The Municipal Action Group (MAG; French: Groupe d'action municipale) was a municipal political party that existed from 1978 to 1985 in Montreal, Quebec, Canada.
The Municipal Action Group was formed in 1978 as a breakaway from the progressive Montreal Citizens' Movement (MCM), which had become the official opposition on Montreal city council in the 1974 municipal election. The MCM was initially supported by a heterogeneous community that included trade unionists, Parti Québécois and New Democratic Party supporters, and a variety of social activists. The party later became divided between its radical and centrist members, with some of the centrists forming the nucleus of the MAG. Both parties were regarded as being to the left of mayor Jean Drapeau's Civic Party, which dominated city politics in this period.
The MAG's founding members included two sitting councillors who had been elected for the MCM — Nick Auf der Maur and Bob Keaton — and Liberal Member of Parliament (MP) Serge Joyal, who was nominated as the party's candidate for mayor.

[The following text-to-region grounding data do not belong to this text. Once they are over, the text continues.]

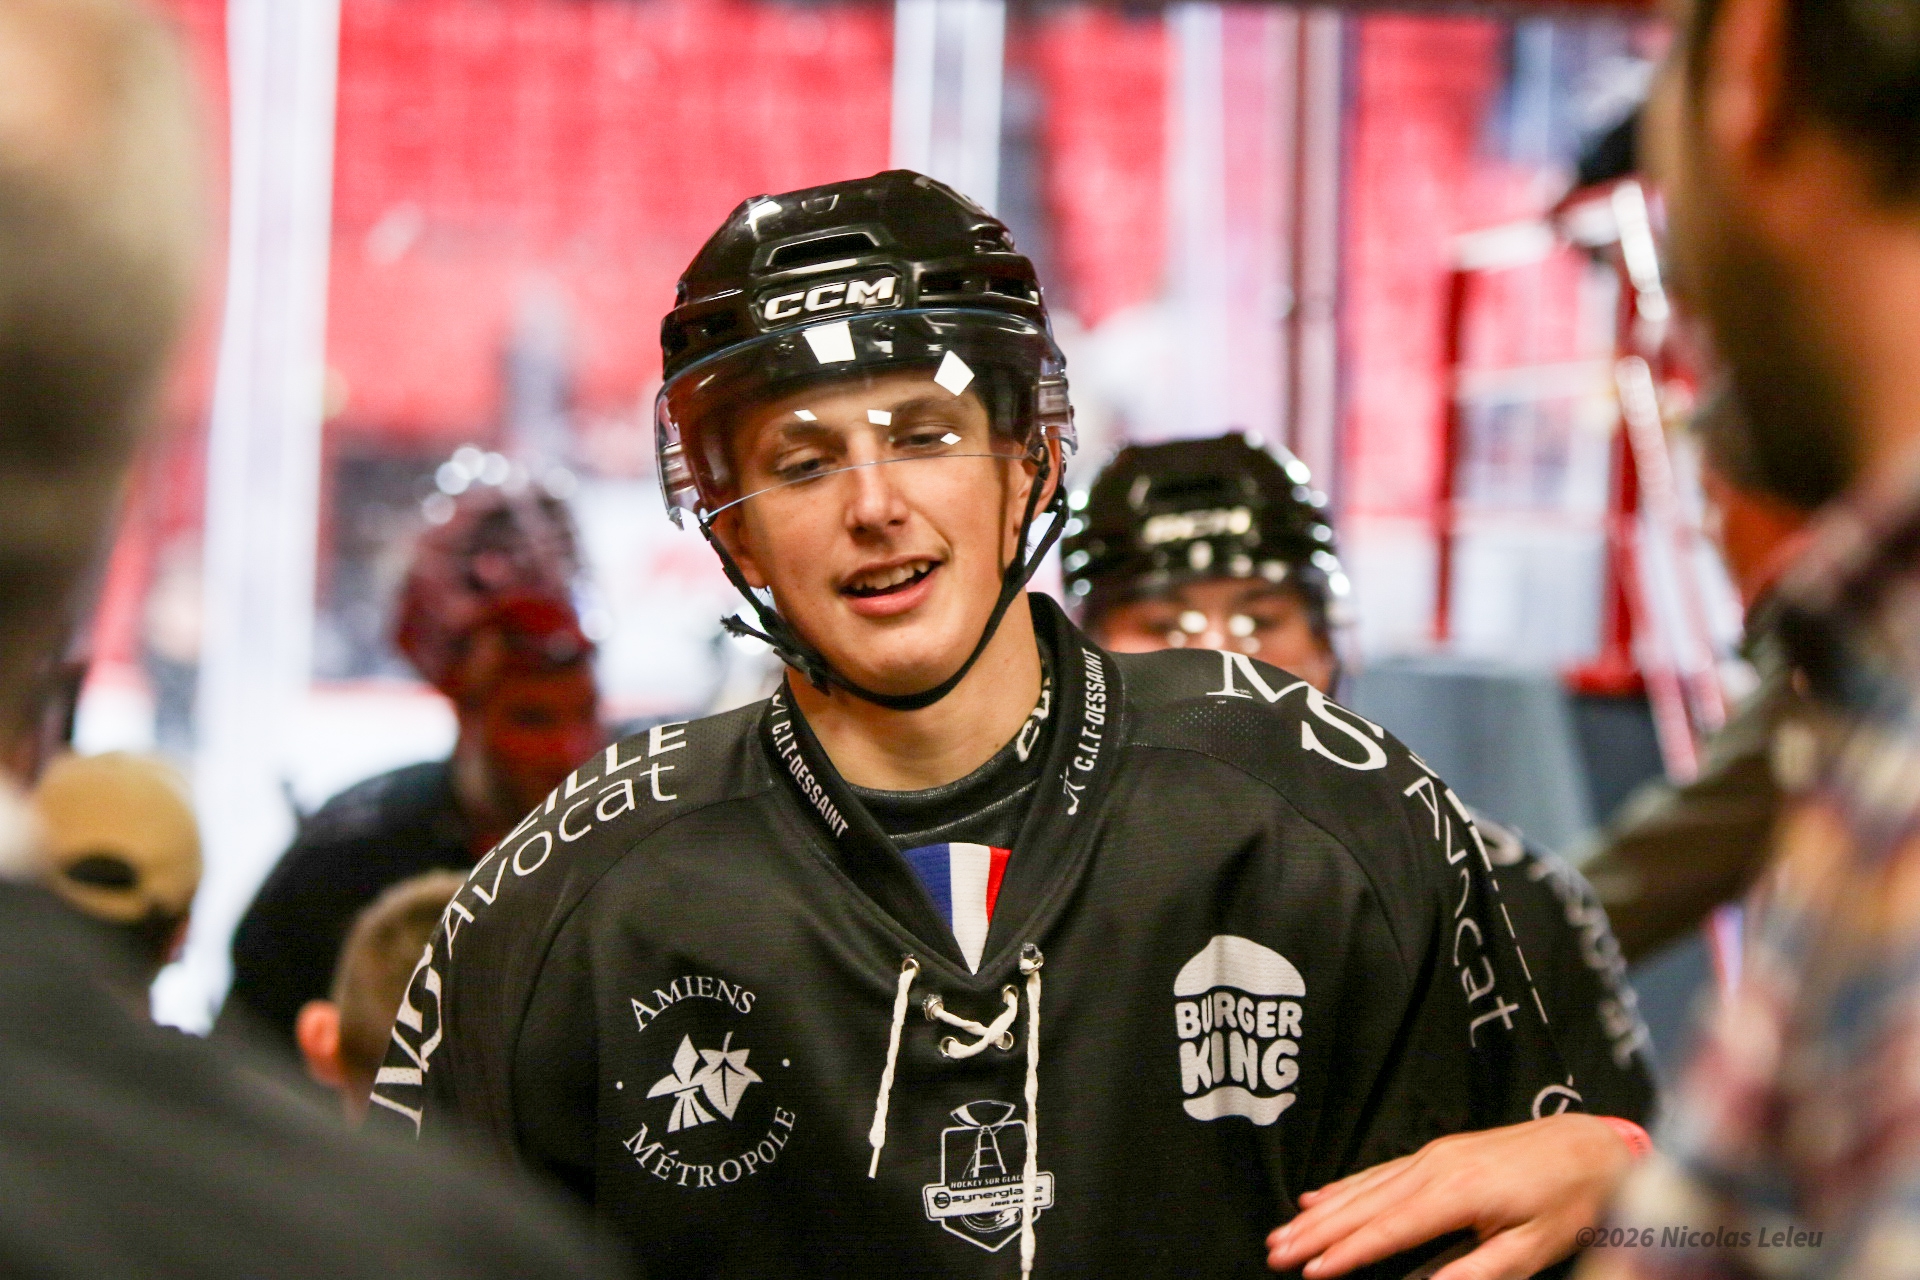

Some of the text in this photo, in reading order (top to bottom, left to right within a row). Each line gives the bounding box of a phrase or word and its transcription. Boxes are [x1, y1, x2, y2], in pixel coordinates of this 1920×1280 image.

[764, 276, 897, 321] CCM
[444, 762, 678, 960] Avocat
[630, 976, 756, 1032] AMIENS
[1175, 991, 1303, 1039] BURGER
[1180, 1031, 1301, 1095] KING
[622, 1106, 796, 1188] MÉTROPOLE
[950, 1174, 1025, 1189] HOCKEY SUR GLAC
[951, 1185, 1044, 1203] synerglae

Both the MAG and the MCM ran full candidate slates in the 1978 municipal election. The parties initially pledged to run respectful campaigns against one another, and their mayoral candidates speculated about forming a coalition government after the election. By the end of the campaign, however, relations between the parties had broken down into animosity. On election day, the split in the progressive vote resulted in a landslide victory for the Civic Party; Joyal finished a distant second in the mayoral contest, while Auf der Maur was the MAG's only candidate elected to council. The MCM also suffered a serious defeat; Michael Fainstat was the party's only successful candidate for council.